Drunk. That’s what he almost said. Drunk in the living room of whatever crumbling trailer he now called home or in some shithole roadside bar outside some shithole town along his trucking route. Instead, he settled on the more generic “somewhere.”

“Listen. I hired someone to find out what happened to Charlie. Mom wanted me to. I guess she always wondered what happened. Anyway, this guy asked me to ask you if you knew anything about it. I told him you probably didn’t, but he—”

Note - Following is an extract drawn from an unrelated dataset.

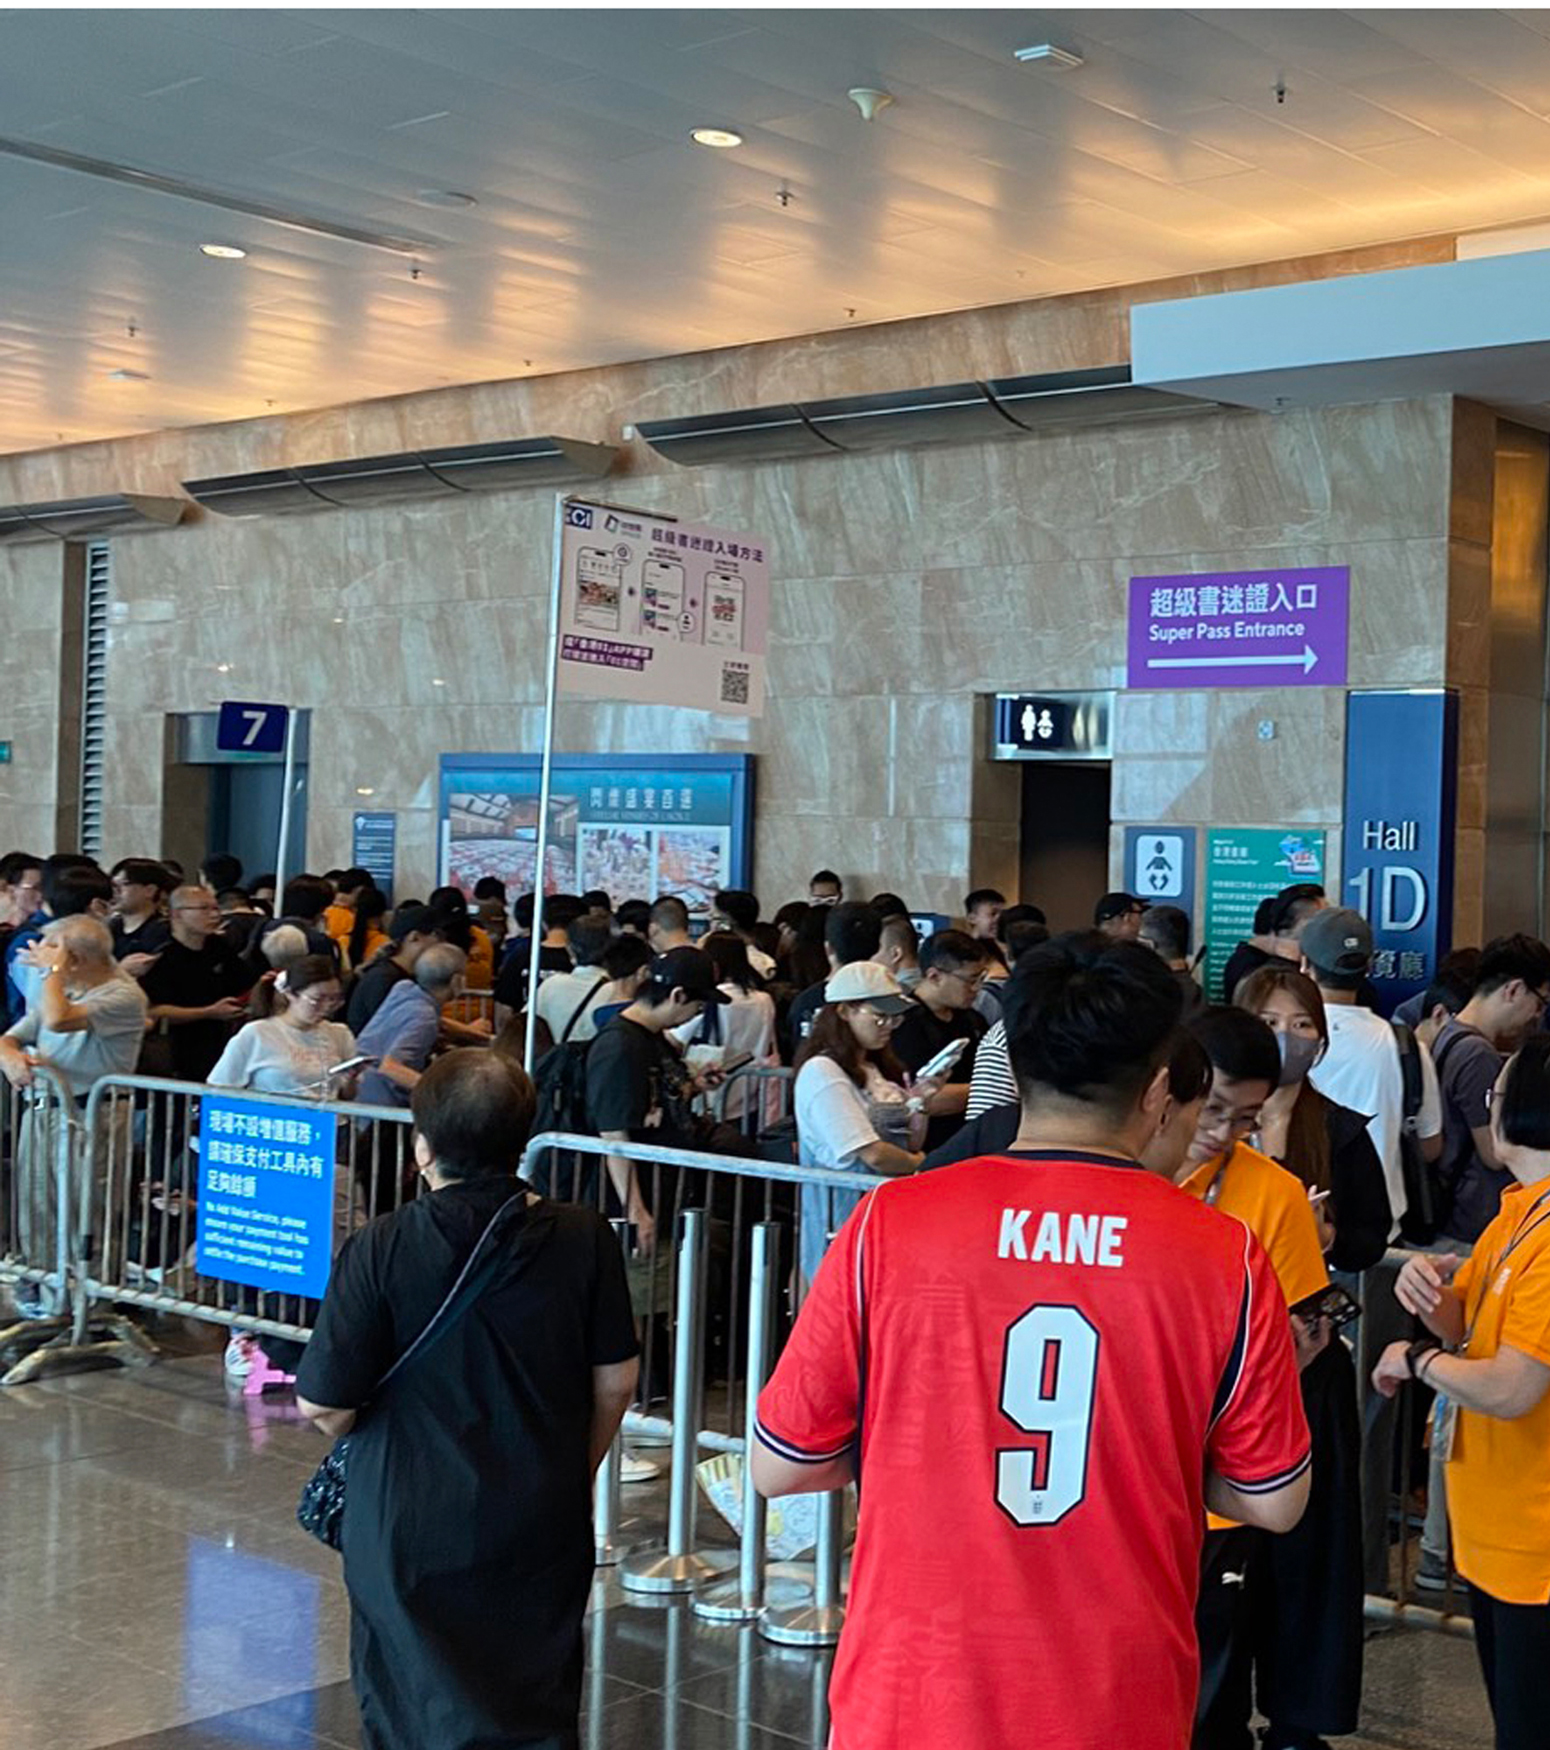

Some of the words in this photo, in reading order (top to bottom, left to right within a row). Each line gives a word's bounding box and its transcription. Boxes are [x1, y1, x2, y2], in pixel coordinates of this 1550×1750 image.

Eric heard a sharp beep, followed by a click as the line went dead. He had rambled so much he was cut off.

“Crap.”

He dialed his father’s number again and waited through the requisite ringing before being connected to voice mail again. This time he was brief.

“Just call me back.”

Eric dropped the cigarette, ground it out with his sneaker, and went inside. In the kitchen, he placed the phone on the table and stared at it, more to kill time than anything else. He didn’t expect his father to return the call. He and Ken rarely talked. Just the usual birthdays and holidays, and sometimes not even then. So his hopes weren’t high.

Even if he did call back, Eric was certain Ken would have no idea why his mother suspected something more sinister about Charlie’s disappearance. As far as Eric knew, they rarely communicated after the divorce. His mother never talked about him. Ken Olmstead was another part of her painful past. Just like Charlie and his sealed-off bedroom.

The bedroom.

Eric knew he needed to look there eventually. The house was his now. In order to sell the place, he’d have to clear the whole thing out, including Charlie’s room. If there was something inside that could help the investigation, that was even more reason to search it.

“No time like the present,” he told the phone. It responded with silence.

He trudged upstairs and stopped in front of Charlie’s room. Unlike the rest of the doors in the house, which had been replaced over the years, this one was an original. Brass doorknob. Old-style keyhole. Although he knew the door was locked, Eric tried the handle anyway. It barely turned. In order to open it, he’d need one of two things—a key or a crowbar. Mitch Gracey would have gone straight for the crowbar. Eric opted for the key.

Wherever that was.

Before his mother’s death, little had been done in terms of planning. Other than the instructions in her will, Maggie did nothing to ensure Eric knew what to do when she was gone. Some of it, like learning when bills had to be paid, he had picked up easily. Other bits, such as knowing where the key to Charlie’s room was hidden, had eluded him.